During the COVID-19 pandemic, the world witnessed an unprecedented surge in e-commerce. Lockdowns and social distancing measures forced people around the world to adapt to new ways of shopping, primarily moving essential items to online platforms. This change has led to impressive growth in e-commerce, with the market expanding by 43% in 2020. This is much faster than last year’s growth.
This boom in online shopping has sparked a “gold rush” in industrial warehouse development. In 2020, industrial land construction nearly doubled compared to 2019, reaching approximately 276 million square feet. By 2022, this number has increased slightly to 280 million square feet.
However, this rapid pace of development of industrial real estate is starting to more closely match demand. Factors such as rising interest rates and inflation are contributing to this trend. In particular, construction costs in 2022 increased by 14.1% compared to the previous year, suggesting a slowdown in industrial development.

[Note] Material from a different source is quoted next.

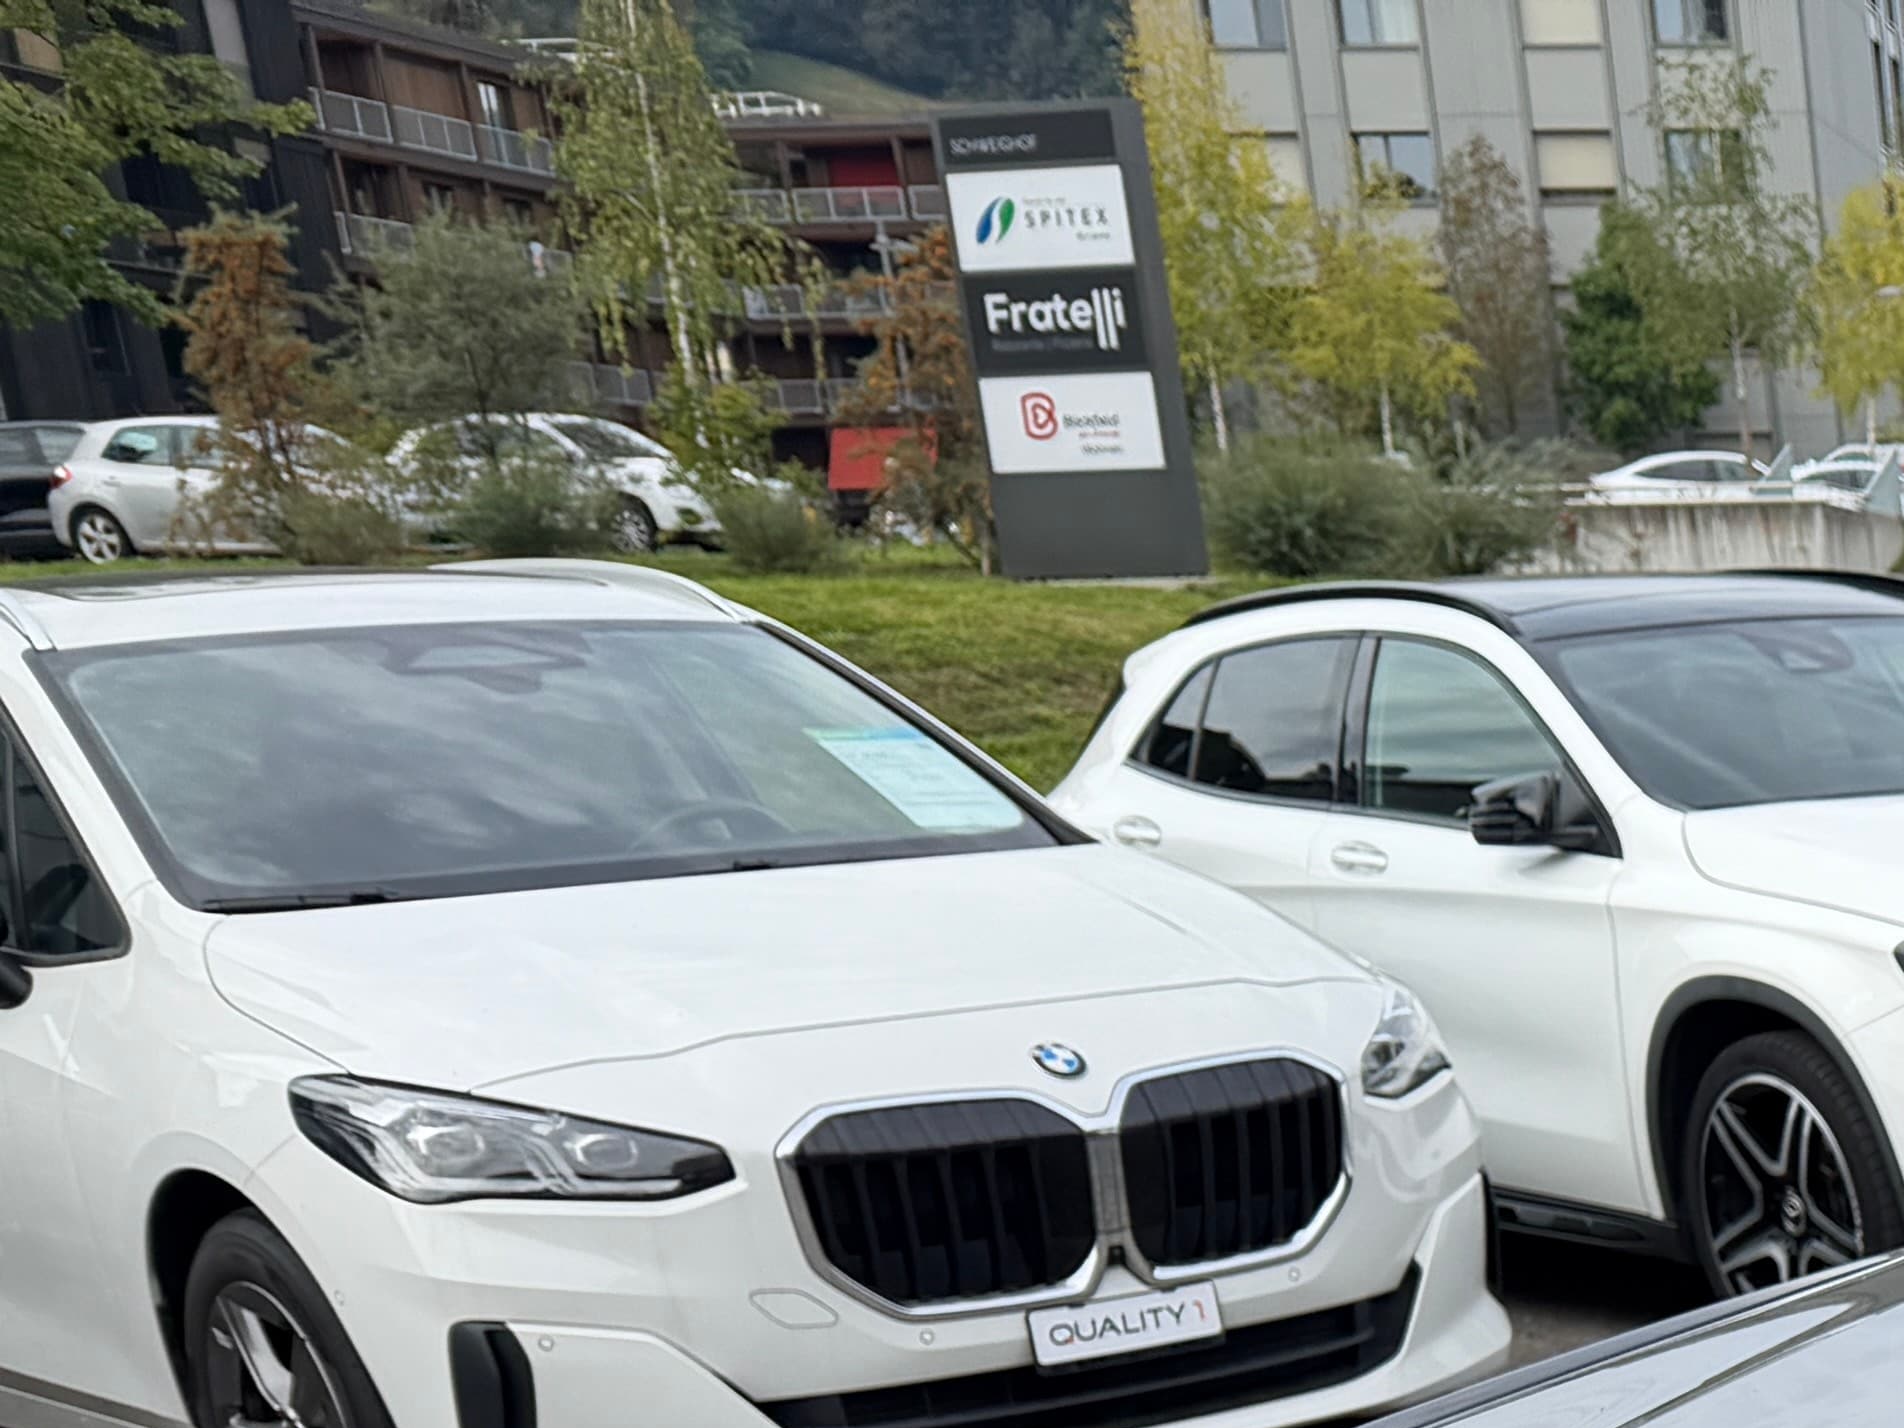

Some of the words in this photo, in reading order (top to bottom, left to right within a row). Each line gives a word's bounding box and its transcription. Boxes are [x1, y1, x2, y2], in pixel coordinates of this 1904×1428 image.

This slowdown has significant implications for the broader real estate market. First, investors, including well-resourced ones like Blackstone, are diversifying their portfolios by investing in different types of real estate. This movement has resulted in higher prices in these new areas. Second, the slowing pace of new industrial development is preserving the value of existing properties, especially properties that are already leased.
Industrial real estate has proven to be a lucrative investment for early entrants. Other investors continue to recognize the sector’s potential and stability as a viable investment option. In line with the continued growth and needs of the e-commerce sector, we are ready to resume construction activities when market conditions improve again.